In fact, one zero at the end of the text is enough, the other will be inserted 
by EVEN.
So, once you have established the text string to display, just see how to copy 
the right characters to the right place.
I now propose the routine that prints a character:

PRINT:
	LEA	TESTO(PC),A0	; Address of the text to be printed in a0
	LEA	BITPLANE,A3	; Destination bitplane address in a3
	MOVEQ	#0,D2		; Clear d2
	MOVE.B	(A0),D2		; Next character in d2
	SUB.B	#$20,D2		; REMOVE 32 FROM THE ASCII VALUE OF THE
				; CHARACTER, SO AS TO TRANSFORM, FOR EXAMPLE,
				; THAT OF THE SPACE (which is $20), into $00,
				; that OF THE ASTERISK ($21), into $01 ...
	MULU.W	#8,D2		; MULTIPLY THE PREVIOUS NUMBER BY 8,
				; the characters being 8 pixels high
	MOVE.L	D2,A2
	ADD.L	#FONT,A2	; FIND YOUR DESIRED CHARACTER IN THE FONT ...

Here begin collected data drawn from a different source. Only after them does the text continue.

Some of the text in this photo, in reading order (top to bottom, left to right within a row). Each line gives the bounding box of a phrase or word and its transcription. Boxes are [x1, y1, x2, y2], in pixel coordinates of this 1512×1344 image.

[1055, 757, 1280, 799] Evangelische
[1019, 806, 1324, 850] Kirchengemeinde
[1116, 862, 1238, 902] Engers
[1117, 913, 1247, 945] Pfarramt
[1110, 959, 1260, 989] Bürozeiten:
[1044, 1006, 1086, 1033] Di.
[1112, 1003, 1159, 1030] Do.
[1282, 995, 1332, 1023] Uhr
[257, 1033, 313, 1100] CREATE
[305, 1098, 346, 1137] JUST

				; WE PRINT THE FONT LINE BY LINE
	MOVE.B	(A2)+,(A3)	; prints LINE 1 of the character
	MOVE.B	(A2)+,40(A3)	; print LINE 2 " "
	MOVE.B	(A2)+,40*2(A3)	; print LINE 3 " "
	MOVE.B	(A2)+,40*3(A3)	; print LINE 4 " "
	MOVE.B	(A2)+,40*4(A3)	; print LINE 5  " "
	MOVE.B	(A2)+,40*5(A3)	; print LINE 6  " "
	MOVE.B	(A2)+,40*6(A3)	; print LINE 7  " "
	MOVE.B	(A2)+,40*7(A3)	; print LINE 8  " "

	RTS

Have you already understood???
Let's analyze it point by point:

	LEA	TESTO(PC),A0	; Address of the text to be printed in a0
	LEA	BITPLANE,A3	; Destination bitplane address in a3
	MOVEQ	#0,D2		; Clear d2
	MOVE.B	(A0),D2		; Next character in d2

So far there are no problems, we have the value of the character in d2, if it 
were an "A", then we have $41 in d2

	SUB.B	#$20,D2		; REMOVE 32 FROM THE ASCII VALUE OF THE
				; CHARACTER, SO AS TO TRANSFORM, FOR EXAMPLE,
				; THAT OF THE SPACE (which is $20), into $00,
				; that OF THE ASTERISK ($21), into $01 ...

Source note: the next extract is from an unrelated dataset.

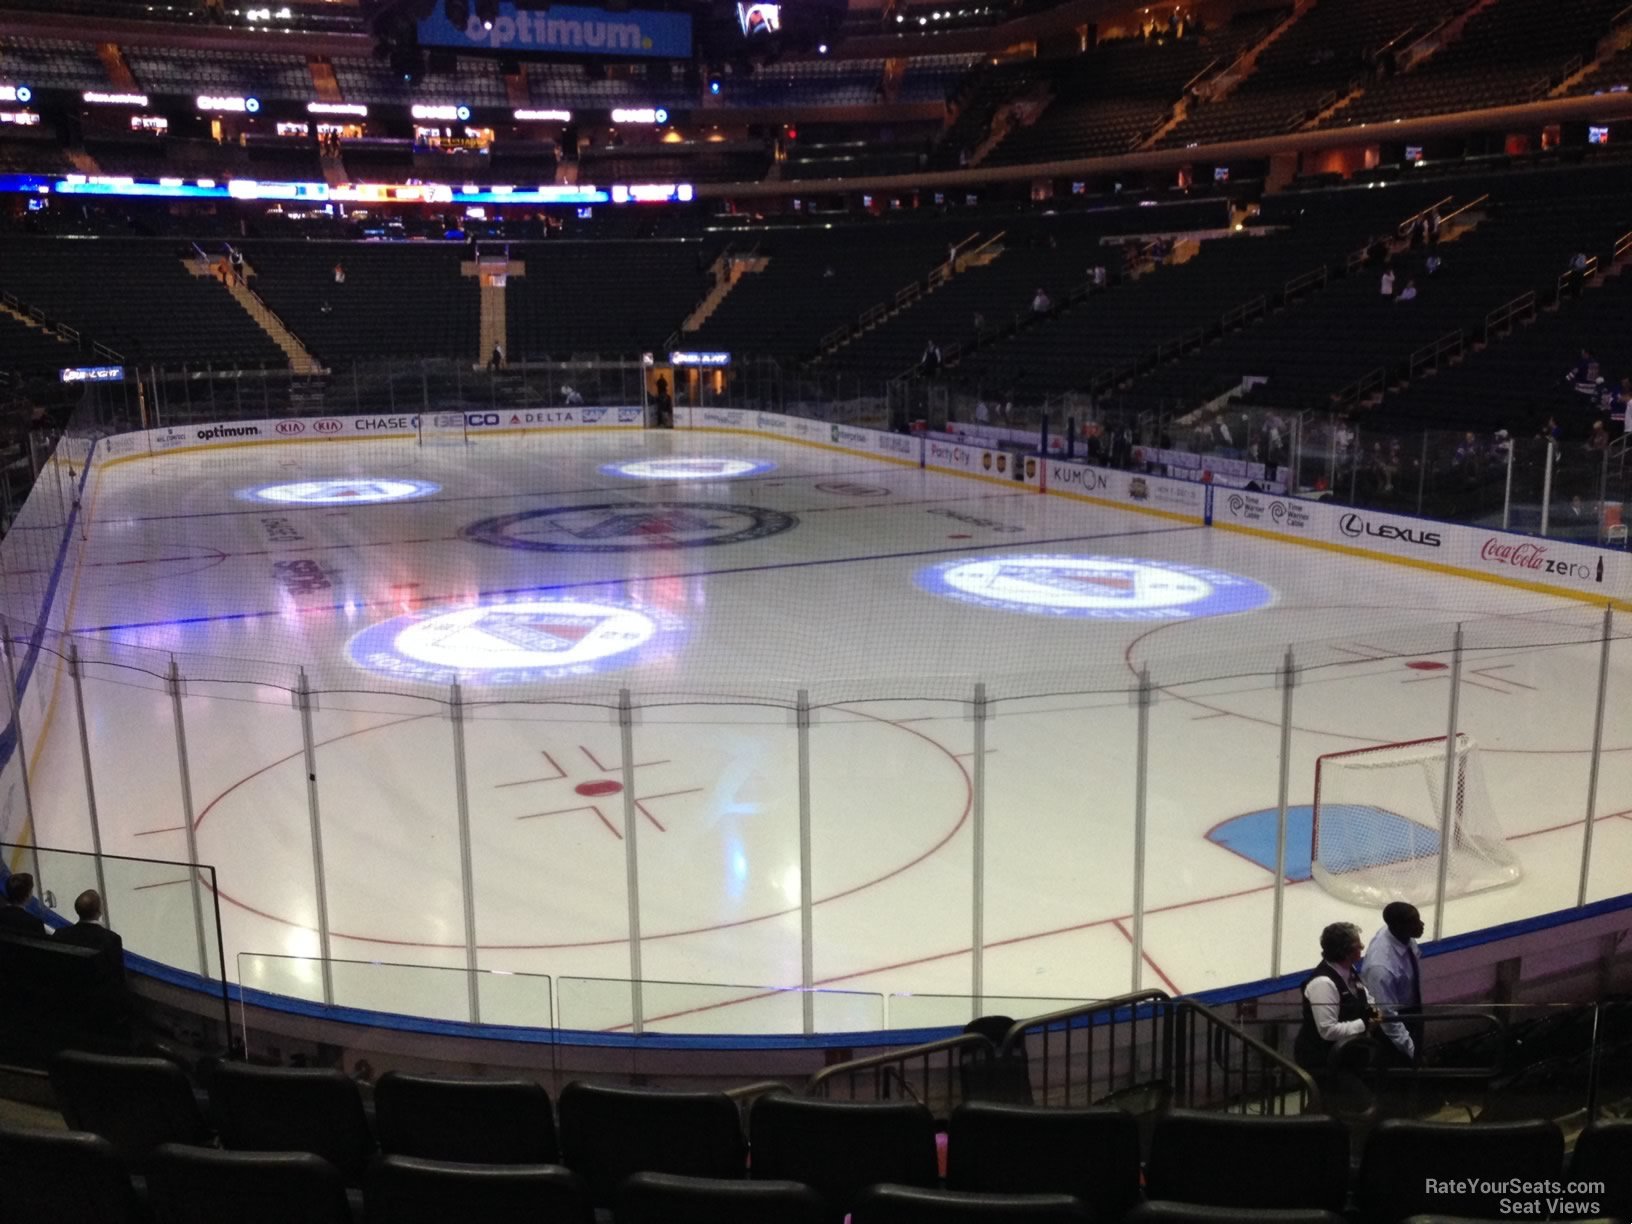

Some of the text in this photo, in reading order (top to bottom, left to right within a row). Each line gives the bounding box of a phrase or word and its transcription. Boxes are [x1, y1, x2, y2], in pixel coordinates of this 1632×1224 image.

Here too what happens is clear, let's see why we subtract 32 ($20):

	MULU.W	#8,D2		; MULTIPLE THE PREVIOUS NUMBER BY 8,
				; the characters being 8 pixels high
	MOVE.L	D2,A2
	ADD.L	#FONT,A2	; FIND YOUR DESIRED CHARACTER IN THE FONT ...

This operation leads to having in A2 the address of the character "A" present 
in the font, that is the address from where we have to "get" the character to 
copy it into the bitplane we are viewing.
Let's see what happened: remember that the characters were put into the font 
in the same order as the ASCII standard? So, having the ASCII value of the 
character, in this case $41 for the "A", we can identify how far from the 
beginning of the FONT the "A" is in RAW! If each character is 8x8 pixels, it 
means that it is 8 bits long, ie one byte per line * 8 lines, in total 8 bytes.
So the space (the first character in the FONT) is at the beginning of the FONT 
itself and ends at byte 8, where "!" starts (the second), and so on.
Having subtracted $20 from the ASCII value, the space value will become $00, 
the next "!" $01, etc. (the "A" will be $21), so just multiply the number 
obtained after the subtraction by 8 to get the distance, from the beginning of 
the FONT, of the character in question!!! Let's review the passage:

	SUB.B	#$20,D2		; REMOVE 32 FROM THE ASCII VALUE OF THE
				; CHARACTER, SO AS TO TRANSFORM, FOR EXAMPLE,
				; THAT OF THE SPACE (which is $20), into $00,
				; that OF THE ASTERISK ($21), into $01 ...
	MULU.W	#8,D2		; MULTIPLY THE PREVIOUS NUMBER BY 8,
				; the characters being 8 pixels high

Now in D2 we have the distance (the offset) of the beginning of the character 
from the beginning of the FONT! Now to find the actual address of the 
character, we add the "distance from the beginning" we have in D2 to the 
address of the FONT:

	MOVE.L	D2,A2
	ADD.L	#FONT,A2	; FIND YOUR DESIRED CHARACTER IN THE FONT...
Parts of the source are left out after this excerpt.